Chinese team investigates LLMs to help stroke victims speak

Chinese team investigates LLMs to help stroke victims speak
Existing silent speech systems vs Intelligent Throat

Came across this the other day.

Wearable intelligent throat enables natural speech in stroke patients with dysarthria - Nature Communications
Wearable silent speech systems hold potential for restoring communication in patients suffering from speech impairments. Tang et al. report an AI-driven silent speech system for dysarthria patients, which enables zero-time-delay expression and context-aware emotion decoding-based sentence expansion.

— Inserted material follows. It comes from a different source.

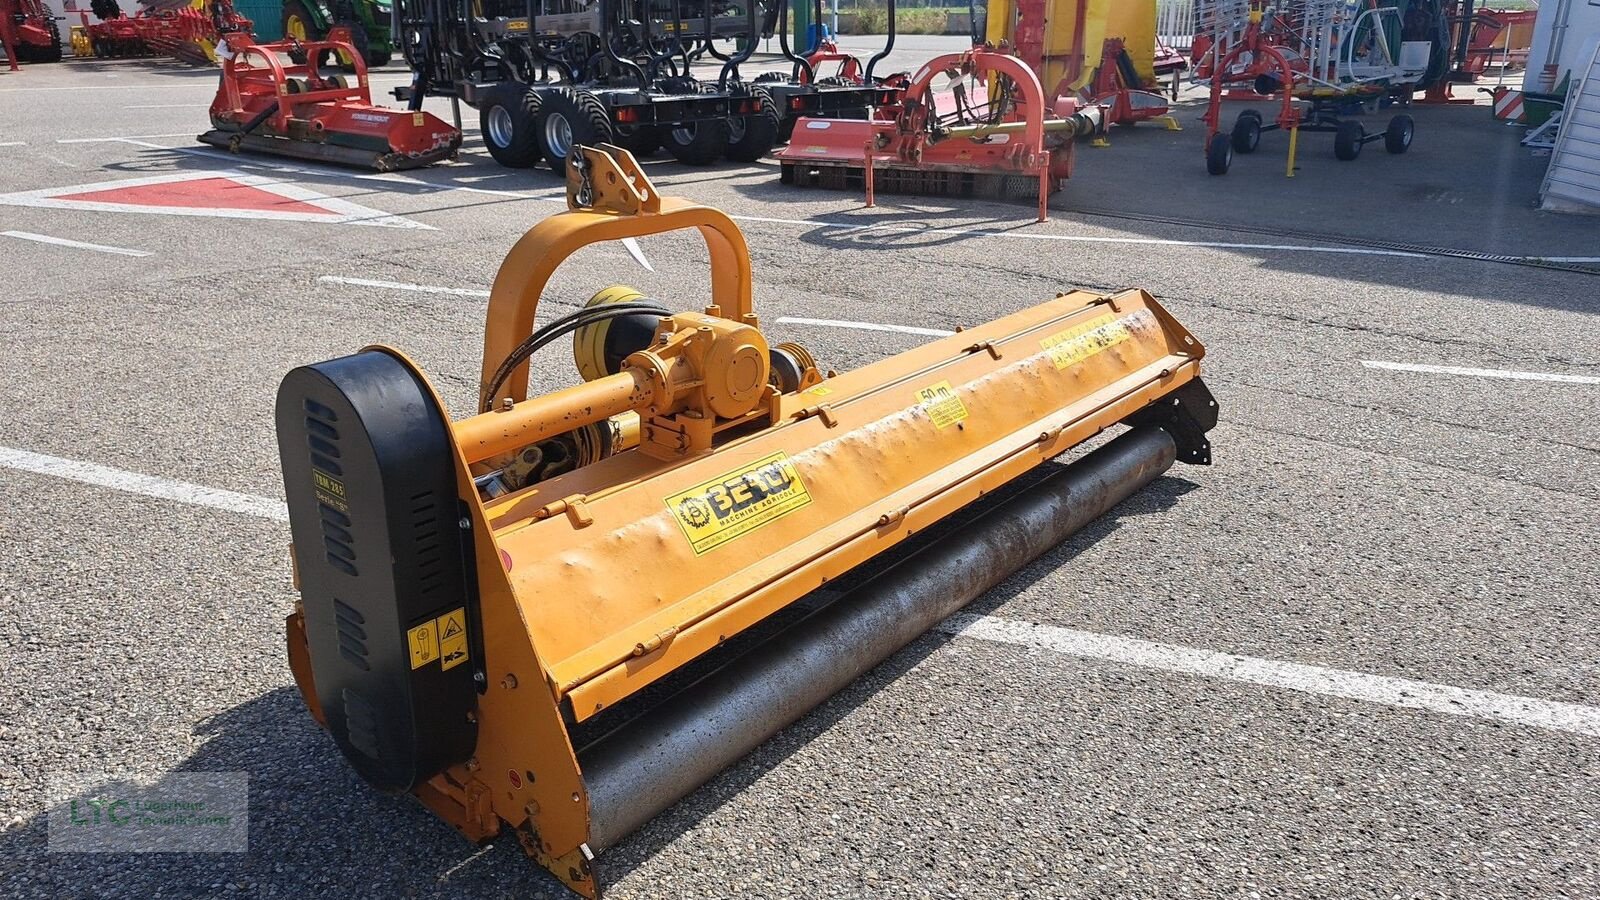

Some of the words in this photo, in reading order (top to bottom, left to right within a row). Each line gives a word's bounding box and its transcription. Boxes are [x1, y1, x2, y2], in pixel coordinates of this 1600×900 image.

A new paper released on the 19th of January, the multinational team investigates the potential for LLM models combined with real time bio-metric information to help stroke victims suffering from Dysarthria (a disorder where the muscles we use to speak have been paralyzed or compromised in some way) communicate again.

Dysarthia is a common symptom of things like strokes, traumatic brain injuries or brain tumours. Anything that damages the ability of the brain to control the muscles around our lips, tongue, larynx and so on. Combine that with other neuroligical conditions such as Aphasia (in which the language part of the brain gets scrambled) and it can be incredibly distressing for the individuals concerned.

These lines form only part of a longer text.